The biological ingredients intentionally included in vaccines are the lab-altered viruses and bacterial toxins or parts of viruses and bacteria which are meant to produce immunity to infectious diseases. Of particular concern are the live-virus vaccines (MMR, chickenpox vaccine, the combined MMR-chickenpox vaccine and the live-virus influenza nasal vaccine). Equally worrisome are ingredients which have been genetically engineered or otherwise manufactured into freakish man-mutilated entities. As for marketing genetically engineered foods, the long-term consequences of injecting humans with GMOs has been poorly considered. But animal and human tissues used in the manufacture of vaccines using the less technologically advanced culturing method are not without problems either. Currently, influenza vaccines and the measles and mumps vaccines in the trivalent MMRII vaccine are cultured on chicken embryos, fragments of which remain in the vaccines. Chickenpox vaccine and Pediacel® vaccine (containing antigens of diphtheria, tetanus, pertussis, polio and Hib) are cultured on and contaminated with remains of foetal calf tissue. These remains from vaccine culture mediums contain DNA which may become inserted into our own genomes through a process called recombination.
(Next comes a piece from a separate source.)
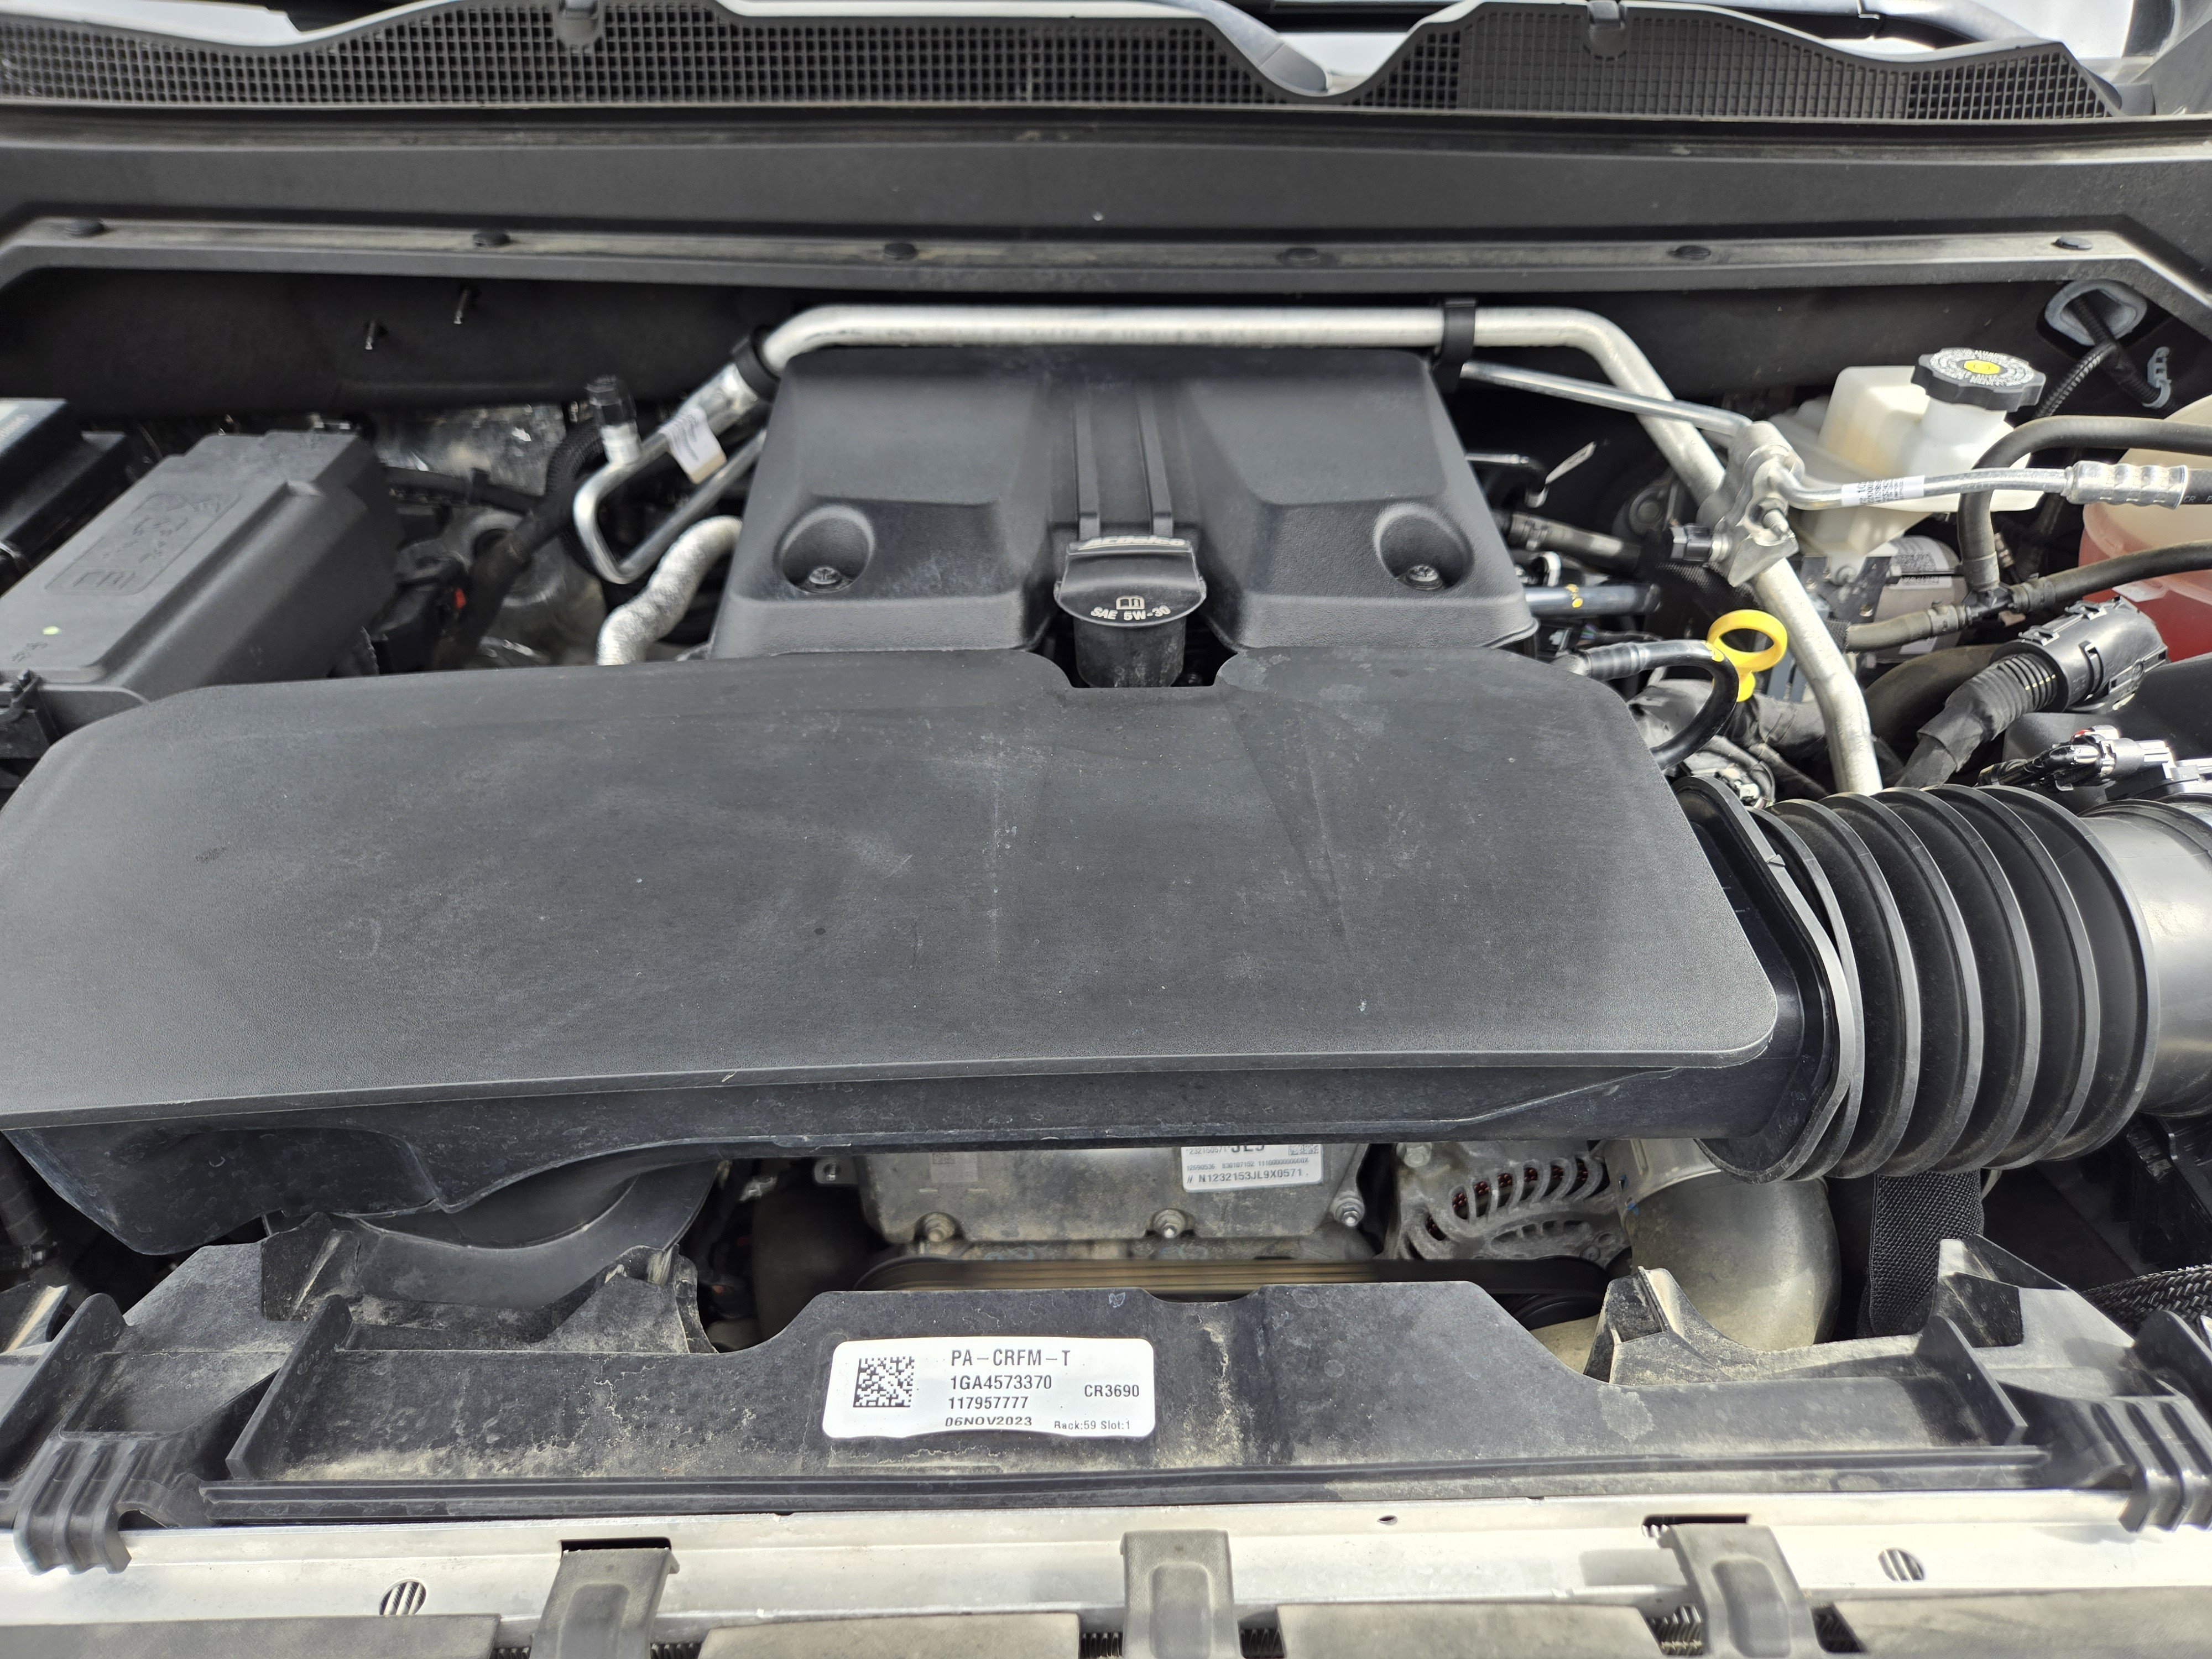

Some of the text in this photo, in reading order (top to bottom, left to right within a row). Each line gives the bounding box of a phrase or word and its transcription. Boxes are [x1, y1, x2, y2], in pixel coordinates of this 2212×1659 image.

In fact, some viral vaccines are manufactured using growth mediums derived from an aborted human foetus. The rubella vaccine in MMRII is made in this way. (Chickenpox, Hepatitis A, and rabies vaccines as well as some mumps, inactivated polio and smallpox vaccines used in USA or other jurisdictions may also contain residual tissue from the use of human foetal cell lines.) According to Russell Blaylock MD, vaccines containing viruses grown in this way (ie on human cell lines) can cause recipients to produce antibodies to their own human tissue. Thus they may lead to demyelination of the nerves and auto-immune disorders. (5)
Beginning with the very first vaccine, smallpox vaccine, contamination has literally been a constant “dirty little secret”. The great enthusiasm for the Salk polio vaccine and the later Sabin oral polio vaccine was dampened when it became common knowledge that, as they were vaccinated, millions had unknowingly received SV40. This was a carcinogenic virus which was present in monkey kidney tissue used to culture the polio vaccine. In more recent times, Health Canada has found it necessary to test vaccines for mad cow disease. While required testing by vaccine manufacturers prevents some contaminants from reaching the public (as happened in England in 2004 when influenza vaccine being made by Chiron Corp for USA was found contaminated with Listeria), obviously, not every single dose can be tested. And, even when they’ve been found, regulatory authorities don’t always insist on their removal, or if this cannot be achieved, the removal of marketing approval for the vaccine. Such was the case for SV40 for decades. New research suggests that human foetal tissue, a culture medium which has replaced the contaminated monkey tissue, may induce DNA mutations which may subsequently contribute to children’s autism spectrum disorders. In the spring of 2010, two pig viruses were found in Rota Teq rotavirus vaccine; one of them is an aggressive virus which causes immune suppression, wasting disease and death in baby pigs. But despite this, Rota Teq was approved for use in Canada in October 2010 and added to Ontario’s taxpayer-funded schedule in summer, 2011. Hot on its heels, in September 2011, HPV vaccine samples were found to be contaminated with recombinant HPV DNA resulting from the production of that vaccine’s genetically engineered ‘virus-like particles’.